In a telephone interview, Frohnmayer said he was aware that Bush had found profoundly distasteful some of the artworks involved in the NEA controversy. “I think that, some of them, he finds personally very offensive,” Frohnmayer said, “but I think he has indicated he has some confidence in the procedures we have established. I will do everything I can to justify that.”

The White House specifically branded as “wrong” a statement by Rep. Dana Rohrabacher (R-Lomita) late Thursday in which Rohrabacher said that, as a result of a conversation with White House Chief of Staff John Sununu, he had persuaded the Administration to issue a “clarification” of its position on arts funding.

Glen said no statement was in the works and the only additional Administration comment was a brief statement released by Frohnmayer that reiterated the Administration’s opposition to content controls on the arts endowment, but also repeated a commitment to refrain from funding strictly obscene arts projects.

“I will be diligent that obscenity will not be funded by the endowment,” Frohnmayer said.
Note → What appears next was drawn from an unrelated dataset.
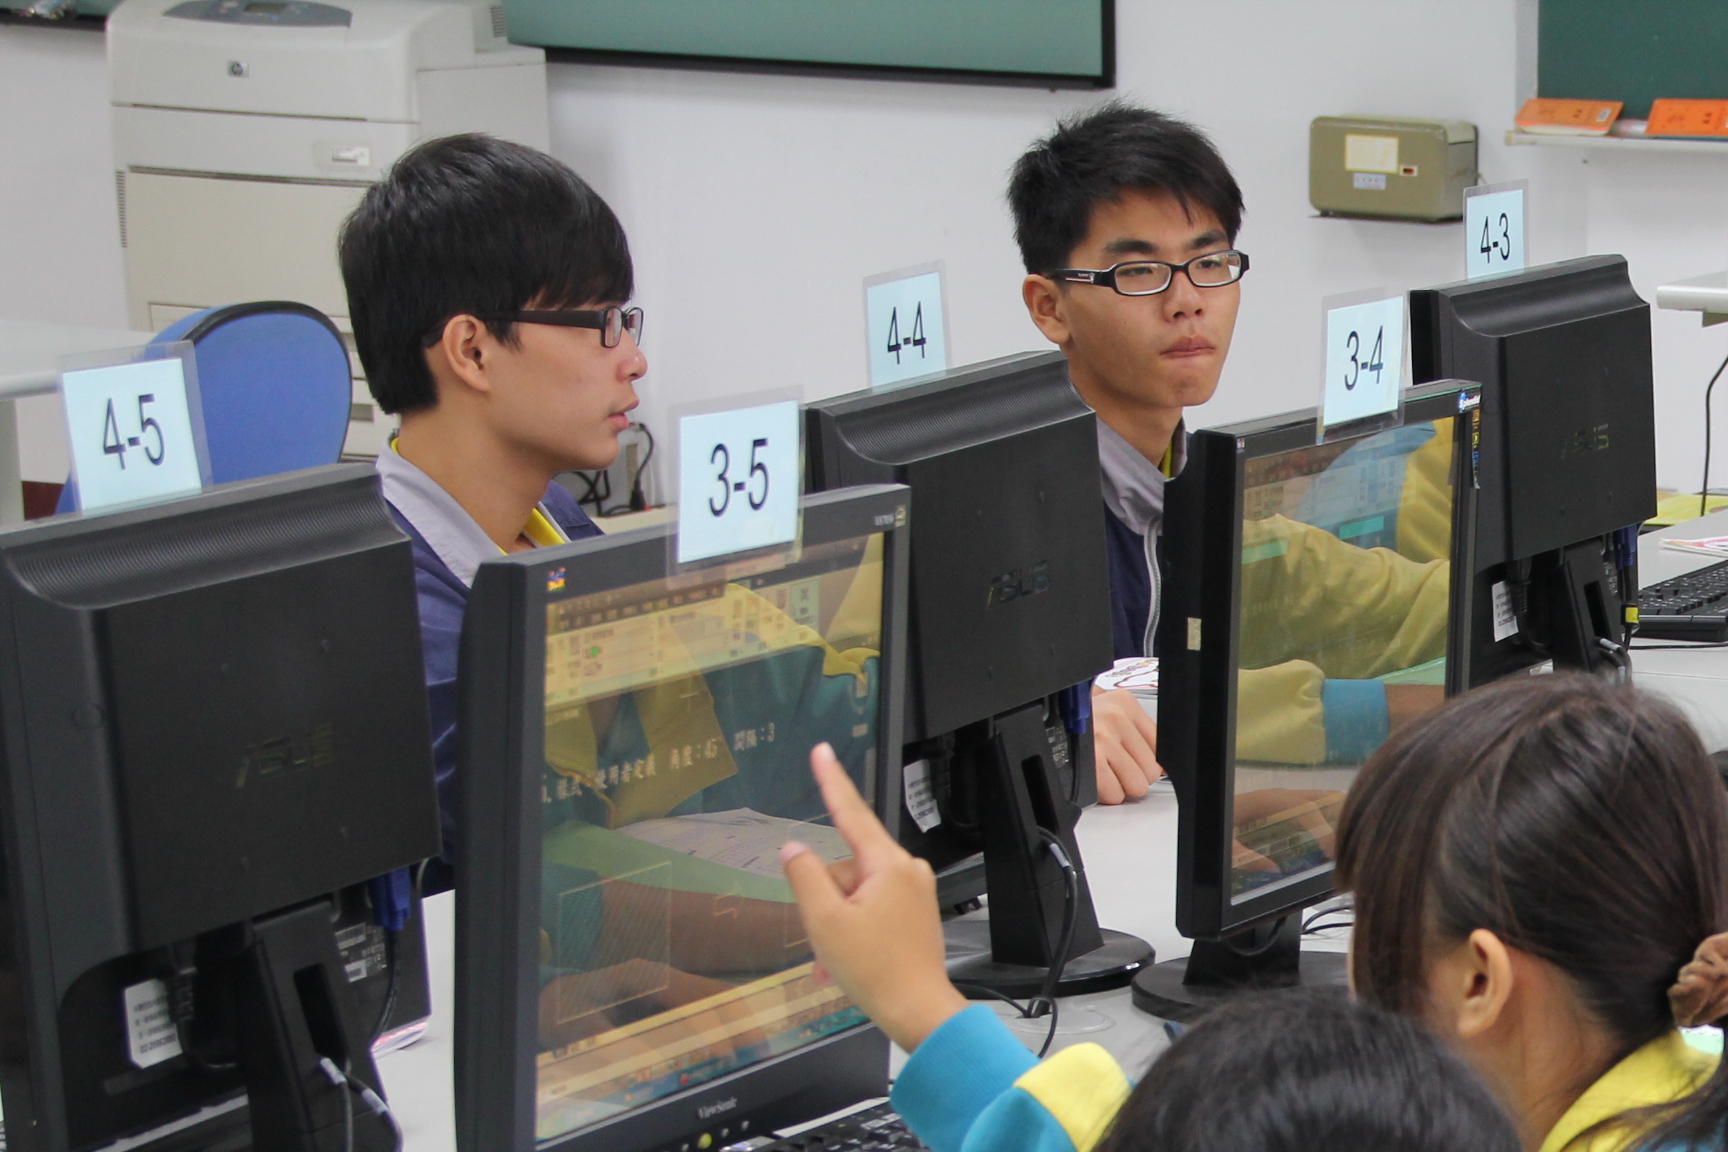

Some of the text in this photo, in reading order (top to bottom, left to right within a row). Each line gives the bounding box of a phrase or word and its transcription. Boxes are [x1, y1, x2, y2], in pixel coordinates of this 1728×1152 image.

But, he said, “I believe it is inappropriate for Congress to micro-manage the endowment through additional legislation.”

Frohnmayer declined to give details of the process by which Bush had been persuaded to support the proposed NEA reauthorizing bill, but The Times learned that getting the President to support leaving the NEA free to make its own judgments about artistic merit was a product of personal persuasion by Frohnmayer and two key arts supporters who are also close friends of the President and First Lady Barbara Bush.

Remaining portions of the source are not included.